Alright ... I'll admit cluelessness ... did (or do) real trains have lighted logos like this on their front? Is purpose purely for name & company logo recognition?

TJ


----------



## Big Ed (Jun 16, 2009)

*Any one have a little extra cash?*



http://cgi.ebay.com/RARE-Post-War-L...977060?pt=Model_RR_Trains&hash=item4aa5b97e64

Read the questions on this one he has been offered 40 grand!


----------



## tjcruiser (Jan 10, 2010)

Holy crap, Batman !!!!  That's some serious collector's item!

Makes you wonder if some minimum-wage worker-type in the Lionel factory today has taken a barrel car or something like that, and painted it prototype Alien Green, then set aside for safe keeping. Hold on to that for 50 years, and he's lookin' at quite the retirement-fund nest egg, huh?

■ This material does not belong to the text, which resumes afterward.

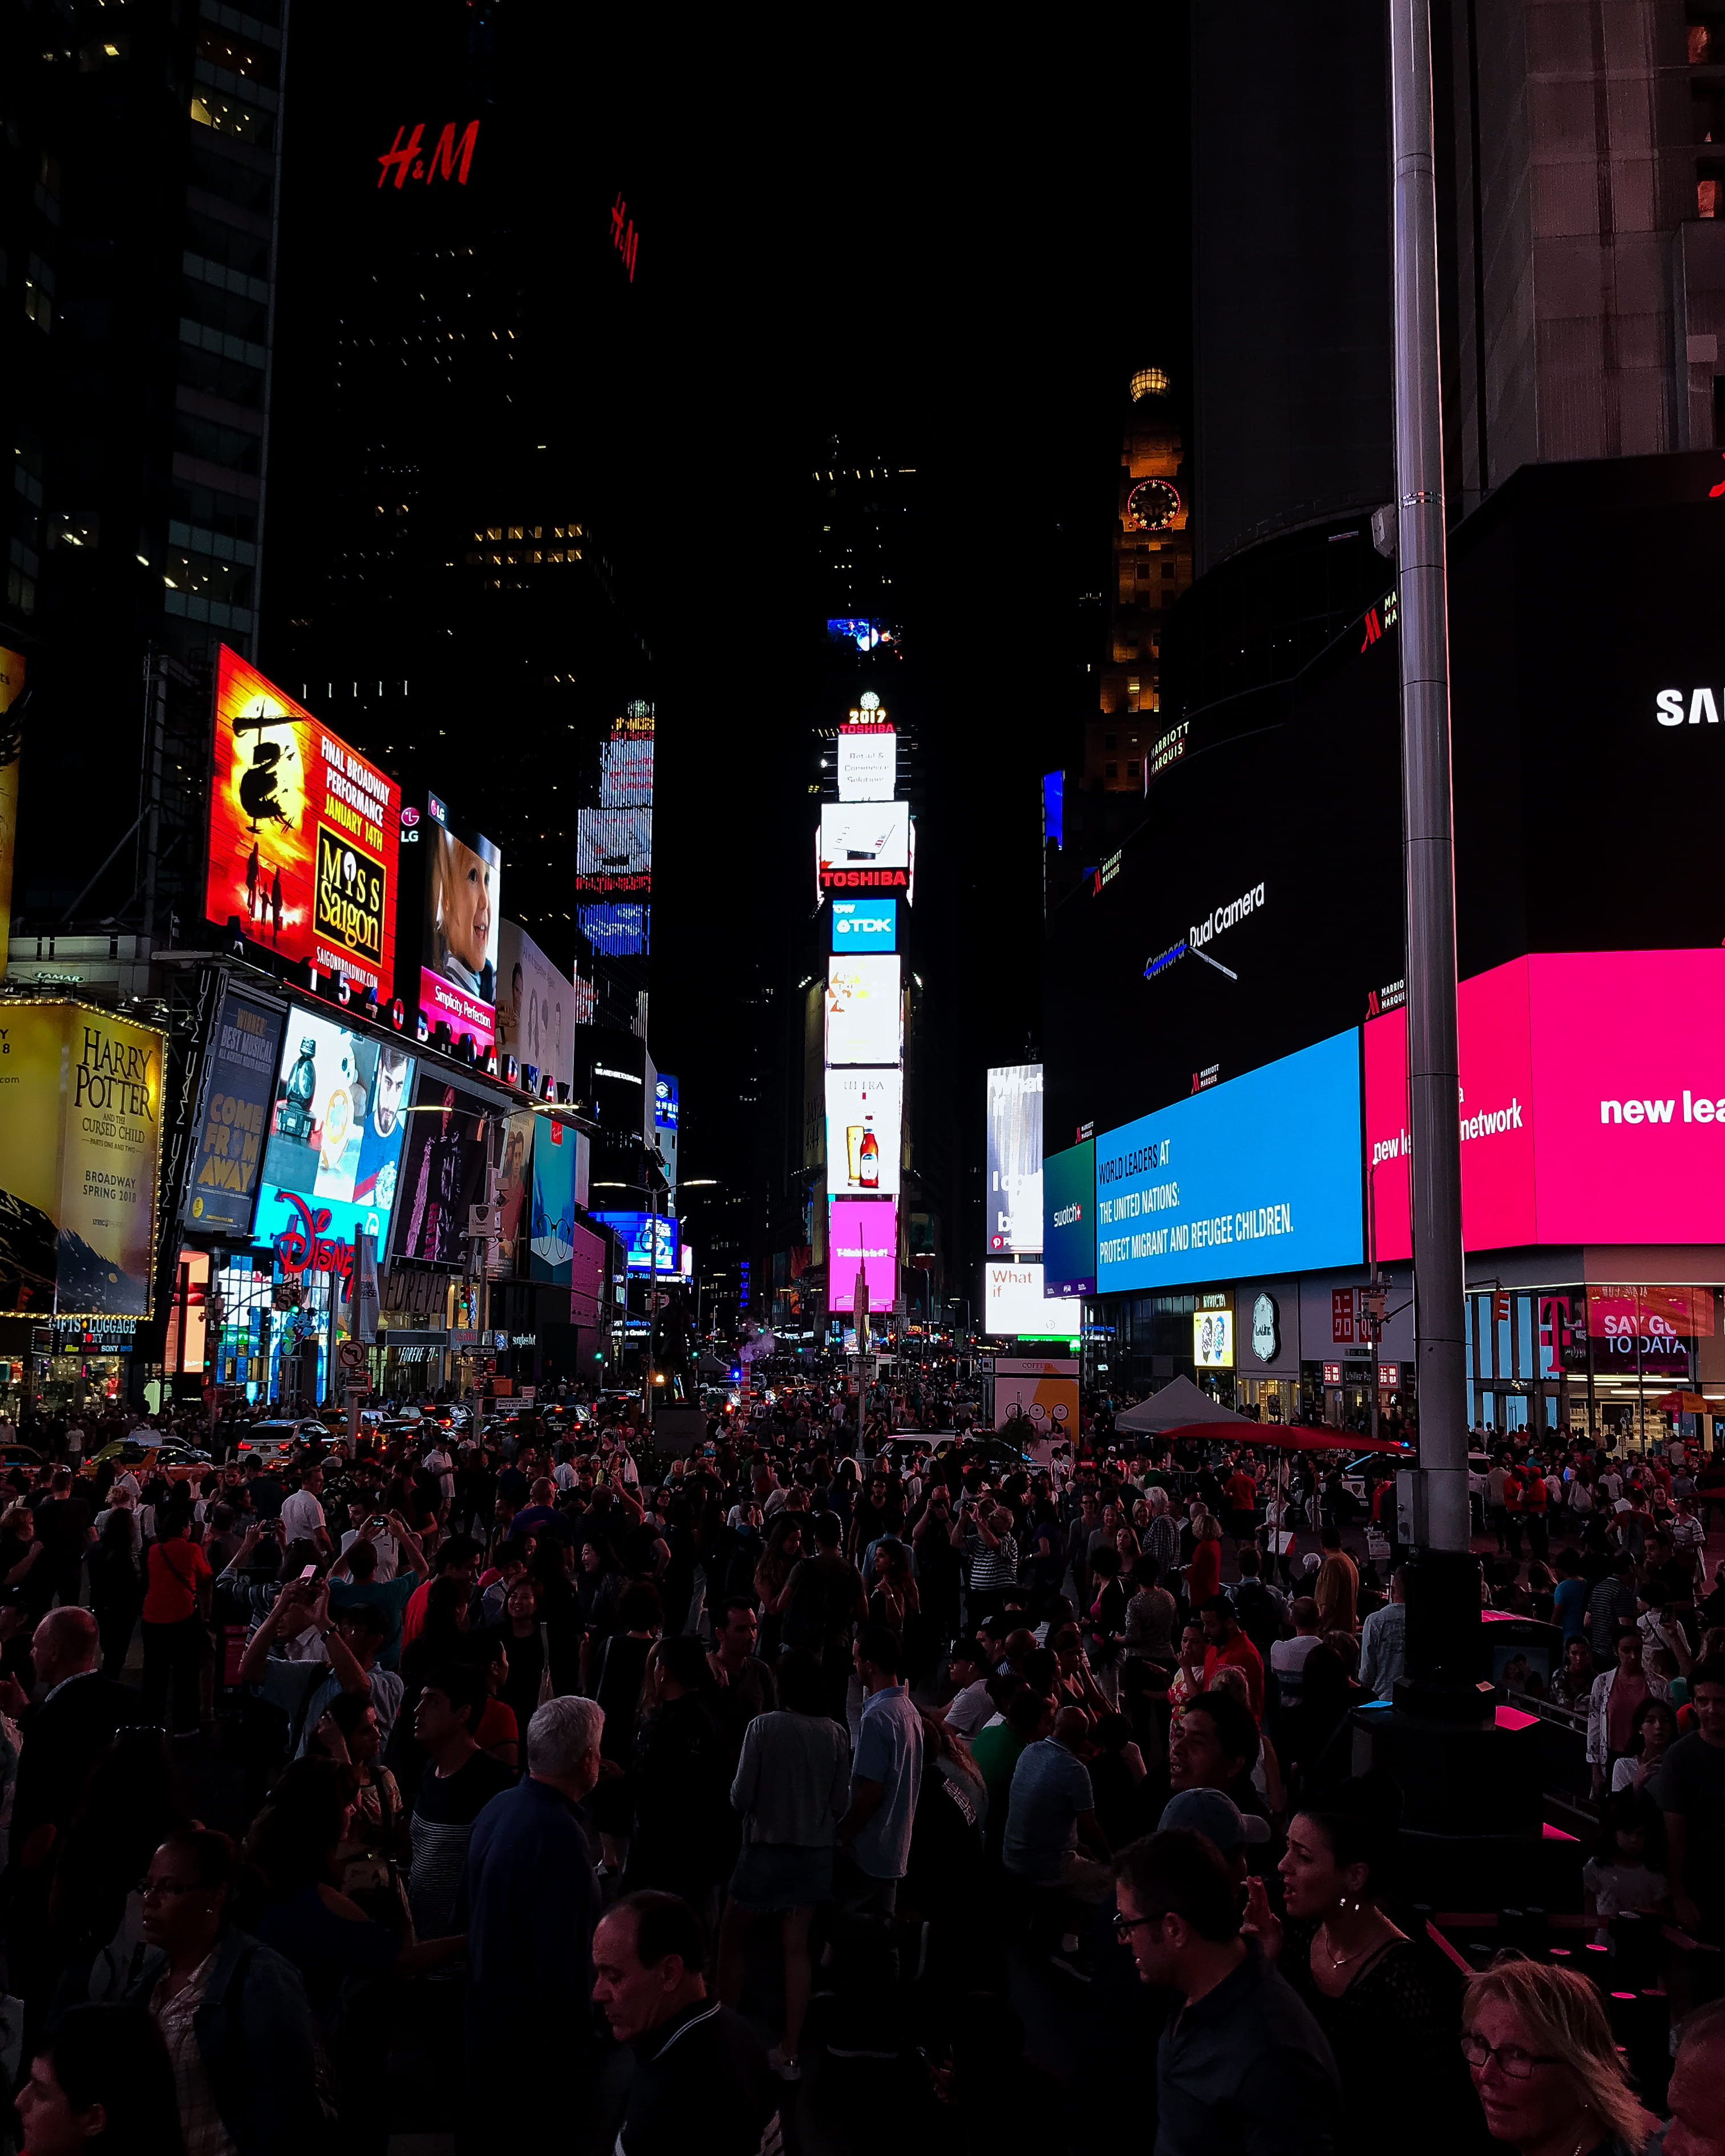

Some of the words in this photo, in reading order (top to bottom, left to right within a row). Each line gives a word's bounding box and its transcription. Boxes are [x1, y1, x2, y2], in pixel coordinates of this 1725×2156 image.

Could be your retirement fund, too, there ... Mr. Alien Green!!!

Fun stuff, Ed ... thanks for sharing!

TJ


----------



## Big Ed (Jun 16, 2009)

tjcruiser said:


> Holy crap, Batman !!!!  That's some serious collector's item!
> 
> Makes you wonder if some minimum-wage worker-type in the Lionel factory today has taken a barrel car or something like that, and painted it prototype Alien Green, then set aside for safe keeping. Hold on to that for 50 years, and he's lookin' at quite the retirement-fund nest egg, huh?
> 
> ...


I am bidding on a normal yellow one, right now.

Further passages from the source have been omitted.